Frosinone, folle fuga in auto e a piedi: arrestato trentenne già colpito da foglio di via
Cronaca
28 Luglio 2026
Frosinone, folle fuga in auto e a piedi: arrestato trentenne già colpito da foglio di via

FROSINONE – Continua senza sosta il presidio del territorio da parte dei Carabinieri della Compagnia di Alatri, orientato a tutelare la sicurezza pubblica e a contrastare le condotte illegali. Nelle ultime ore, un episodio caratterizzato da momenti di forte tensione si è concluso con l’arresto di un trentenne residente in Ciociaria, ritenuto responsabile dei reati di resistenza a Pubblico Ufficiale, fuga a seguito dell’ordine di fermarsi e violazione degli obblighi imposti dalla misura di prevenzione del rimpatrio con foglio di via obbligatorio.

L’intera vicenda si è svolta in pochi istanti di grande concitazione. I militari delle Stazioni Carabinieri di Ripi e Frosinone, impegnati in un’attività di pattugliamento, hanno ordinato l’alt al veicolo guidato dall’indagato. L’uomo, disattendendo apertamente la disposizione, non si è arrestato e ha continuato la corsa a velocità elevata, esponendo a un serio rischio l’incolumità di chi si trovava sulla strada. Ne è nato un concitato inseguimento, proseguito lungo Viale Spagna e concluso in via delle Sodine, nel territorio comunale di Frosinone.
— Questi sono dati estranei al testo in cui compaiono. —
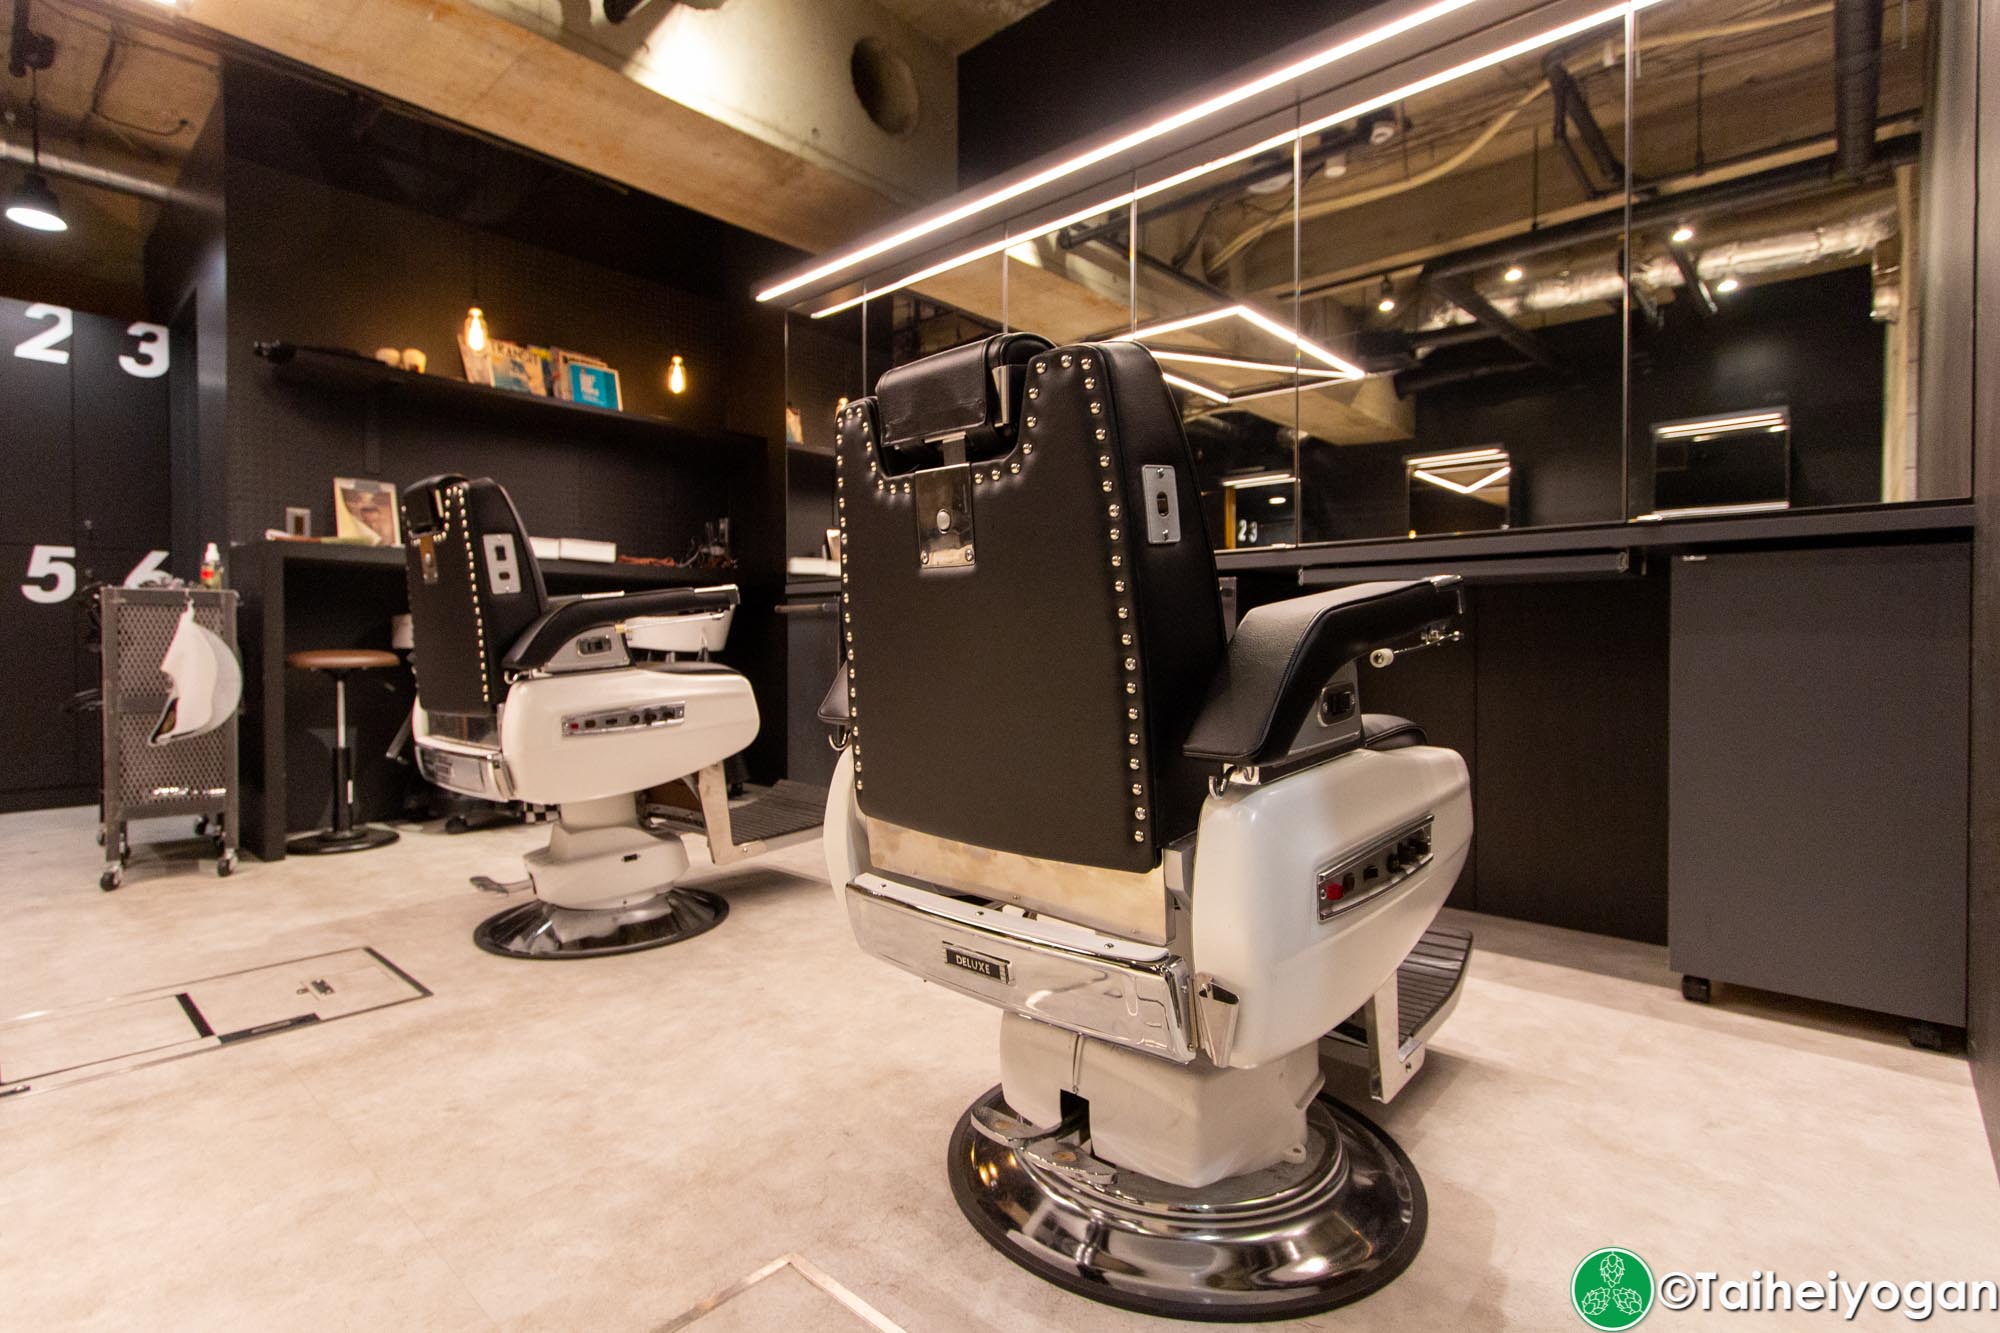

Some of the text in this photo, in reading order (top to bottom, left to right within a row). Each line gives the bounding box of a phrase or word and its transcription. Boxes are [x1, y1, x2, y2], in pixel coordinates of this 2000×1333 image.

[14, 303, 73, 364] 2
[119, 322, 170, 378] 3
[1237, 518, 1248, 542] 2
[22, 546, 76, 604] 5
[955, 954, 991, 975] DELUXE
Sentendosi ormai senza via d’uscita, il conducente ha improvvisamente lasciato il veicolo, tentando disperatamente di allontanarsi a piedi. Il suo tentativo di fuga è però durato pochissimo: grazie alla rapidità d’intervento e all’efficace coordinamento della Centrale Operativa, i militari dell’Aliquota Radiomobile di Alatri lo hanno rintracciato, fermato e arrestato in tempi brevissimi. In seguito all’operazione, il veicolo impiegato per la fuga è stato posto sotto sequestro, mentre la patente dell’uomo è stata revocata.

Concluse le formalità previste dalla legge, per disposizione del Magistrato di turno, l’arrestato è stato accompagnato nella propria abitazione dove si trova ora agli arresti domiciliari, in attesa dell’udienza di convalida e del processo con giudizio direttissimo.

Va precisato che l’indagato, soggetto alla misura cautelare, risulta al momento solo sospettato del reato, e la sua posizione verrà stabilita in via definitiva soltanto dopo una sentenza passata in giudicato, nel rispetto del principio costituzionale della presunzione di innocenza.